Il avait ramené la démocratie en Espagne, mais sa popularité s’est effondrée. Six ans après avoir abdiqué, Juan Carlos, 82 ans, de plus en plus discrédité, objet d'enquêtes en Suisse et en Espagne pour des soupçons de corruption et de fraude fiscale, annonce sa décision de quitter le pays.

Juan Carlos a abdiqué en 2014 en faveur de son fils le prince Felipe VI, avant de se retirer définitivement de la vie publique en juin 2019.
Juan Carlos a abdiqué en 2014 en faveur de son fils le prince Felipe VI, avant de se retirer définitivement de la vie publique en juin 2019. © AFP / Oscar del Pozo

C’est dans une lettre adressée à son fils, le souverain Felipe VI, que l'ex-roi annonce sa décision de quitter l'Espagne :

"Guidé à présent par la conviction de rendre le meilleur service aux Espagnols, à leurs institutions, et à toi en tant que Roi, je t'informe de ma décision réfléchie de m'exiler, en cette période, en dehors de l'Espagne."

Dans le communiqué de la Maison Royale, il est également fait état de la réponse de Felipe VI. Le roi accepte et le remercie pour sa décision.

Juan Carlos était l'homme de la "transition démocratique" à la mort de Franco ; celui qui a réussi à s'opposer au coup d'État de février 1981. Se retrouvera-t-il un jour devant la justice de son pays, malgré la loi qui le met à l'abri de toute poursuite pour des faits advenus durant son règne ?

La chute du piédestal 

Pour Juan Carlos, sur le trône depuis 1975, les ennuis ont commencé en 2012, lorsque la presse apprend qu'il s'est fracturé la hanche lors d'un safari au Botswana.

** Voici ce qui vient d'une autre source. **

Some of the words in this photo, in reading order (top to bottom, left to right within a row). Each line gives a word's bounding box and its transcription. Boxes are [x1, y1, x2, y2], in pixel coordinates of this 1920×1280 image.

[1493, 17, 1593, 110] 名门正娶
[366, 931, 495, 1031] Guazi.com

Ce qui apparaît au départ comme une escapade d'un goût douteux, alors que les Espagnols connaissent une grave crise économique, révèle l'existence d'une maîtresse – l'Allemande Corinna Larsen (ou Corinna zu Sayn-Wittgenstein, du nom de son second mari).

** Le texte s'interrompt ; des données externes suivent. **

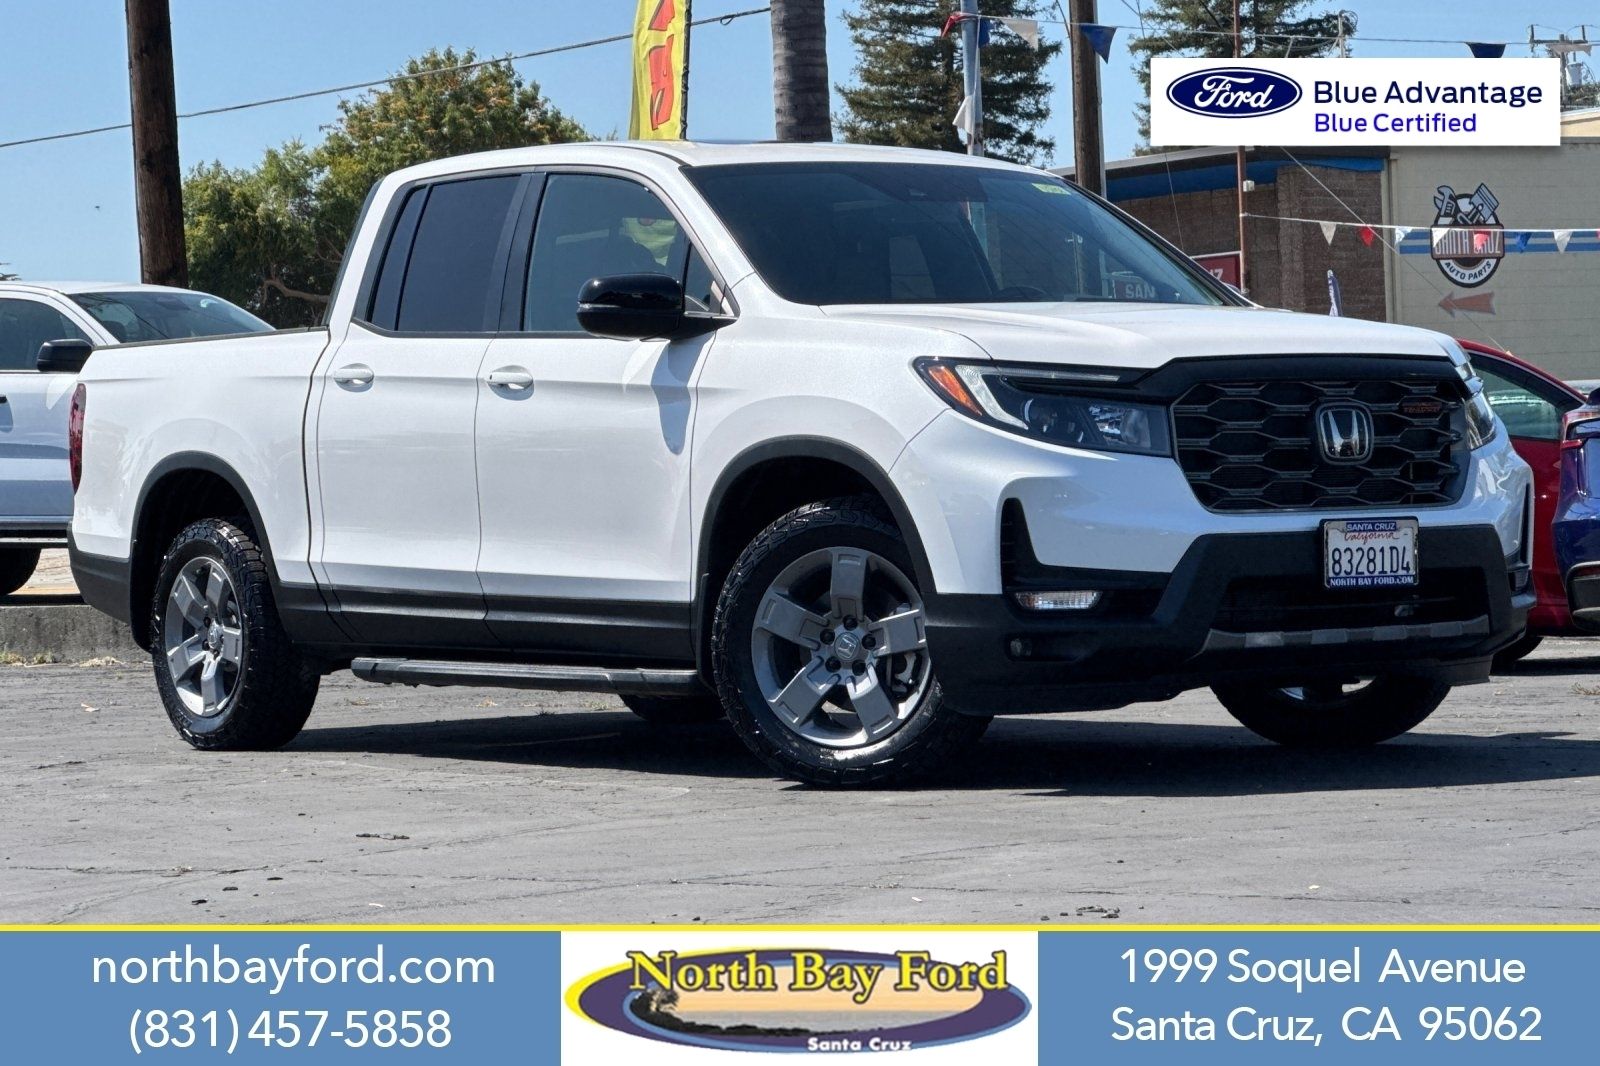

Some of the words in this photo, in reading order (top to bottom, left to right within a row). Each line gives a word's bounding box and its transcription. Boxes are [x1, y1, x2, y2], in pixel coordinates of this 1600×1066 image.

[1473, 229, 1501, 254] UZ
[1444, 261, 1466, 280] AUTO
[1468, 261, 1492, 280] PARTS
[1347, 522, 1373, 531] SANTA
[1374, 522, 1396, 531] CRUZ
[1344, 532, 1400, 545] California
[1331, 545, 1411, 576] 83281D4
[1330, 577, 1356, 586] NORTH
[1358, 577, 1372, 585] BAY
[1374, 575, 1414, 585] FORD.COM

On découvrira ensuite que Corinna Larsen a touché 65 millions d’euros, cadeau de Juan Carlos, explique-t-elle. La même affirme, dans des enregistrements qui lui sont attribués et publiés en 2018, que le souverain a touché une commission lors de l'attribution à des entreprises espagnoles d'un très important contrat ferroviaire en Arabie : 100 millions de dollars (88 millions d’euros) que l'ancien roi aurait reçus secrètement sur un compte en Suisse en 2008, et sur lesquels enquête la justice helvète.

Au départ, la justice espagnole classe l’affaire, faute de preuves et du fait de l’inviolabilité du roi. Mais la Cour suprême annonce en juin 2020 qu'elle va se charger d'une enquête pour cerner l'éventuelle responsabilité de l'ancien monarque pour des faits commis après son abdication.

De Juan Carlos à Felipe V

La situation oblige Juan Carlos à abdiquer le 18 juin 2014 en faveur de son fils le prince Felipe VI. Il devient "roi émérite" et se retire définitivement de la vie publique en juin 2019. 

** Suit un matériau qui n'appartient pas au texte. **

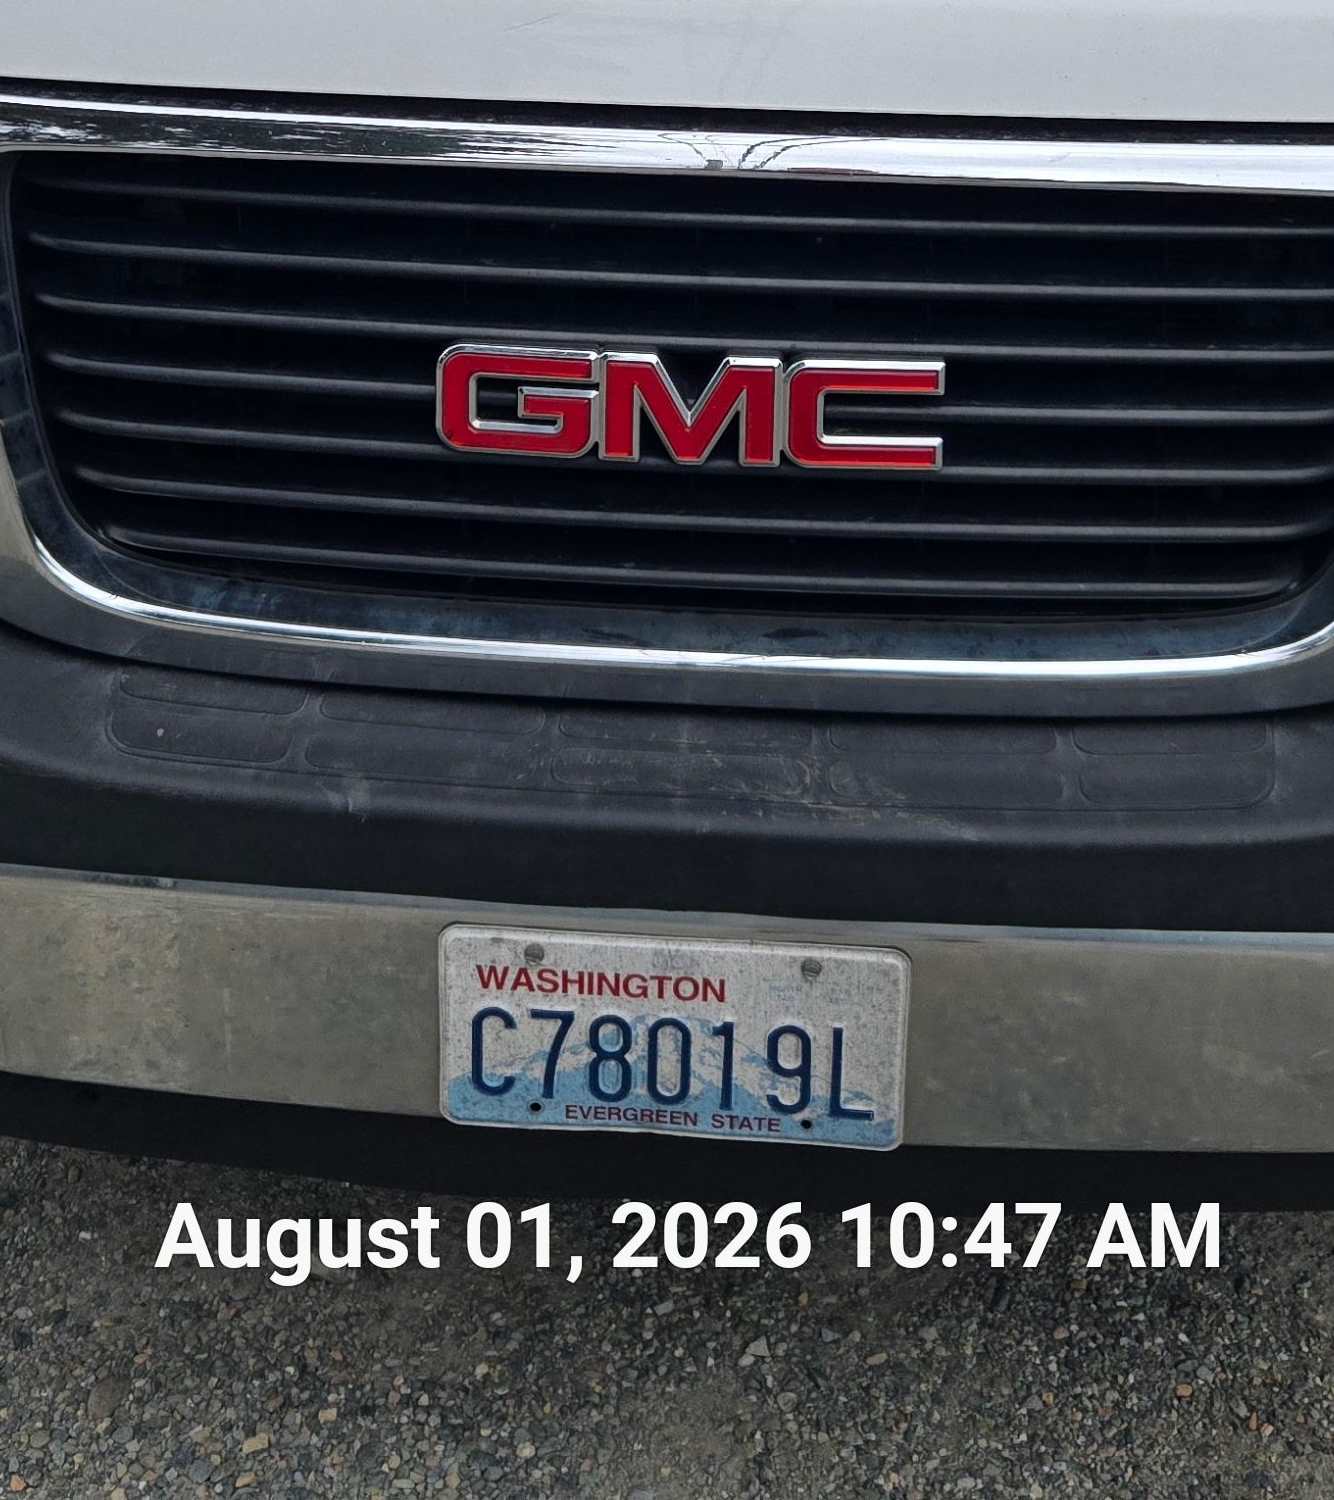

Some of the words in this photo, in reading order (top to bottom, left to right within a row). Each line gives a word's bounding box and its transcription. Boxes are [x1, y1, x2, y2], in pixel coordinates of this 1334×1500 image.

Le 15 mars dernier, Felipe VI, qui avait renoncé à l'héritage paternel, annonce que son père ne touchera plus sa rémunération annuelle de 194 232 euros, décidée depuis son retrait de la vie publique.

Et donc le 3 août la lettre annonçant l'exil du "roi émérite" est rendue publique par la Maison Royale.

Peu de voix pour défendre l'ancien roi

Les conservateurs et les socialistes avaient empêché en juin qu'une commission parlementaire, réclamée par Podemos, se penche sur Juan Carlos.

Mais Pedro Sanchez, le chef du gouvernement de gauche a haussé le ton, fin juillet, pour la première fois. "Il est évident que nous recevons, l'ensemble de la population espagnole, des informations inquiétantes qui nous troublent tous, moi y compris", a-t-il dit.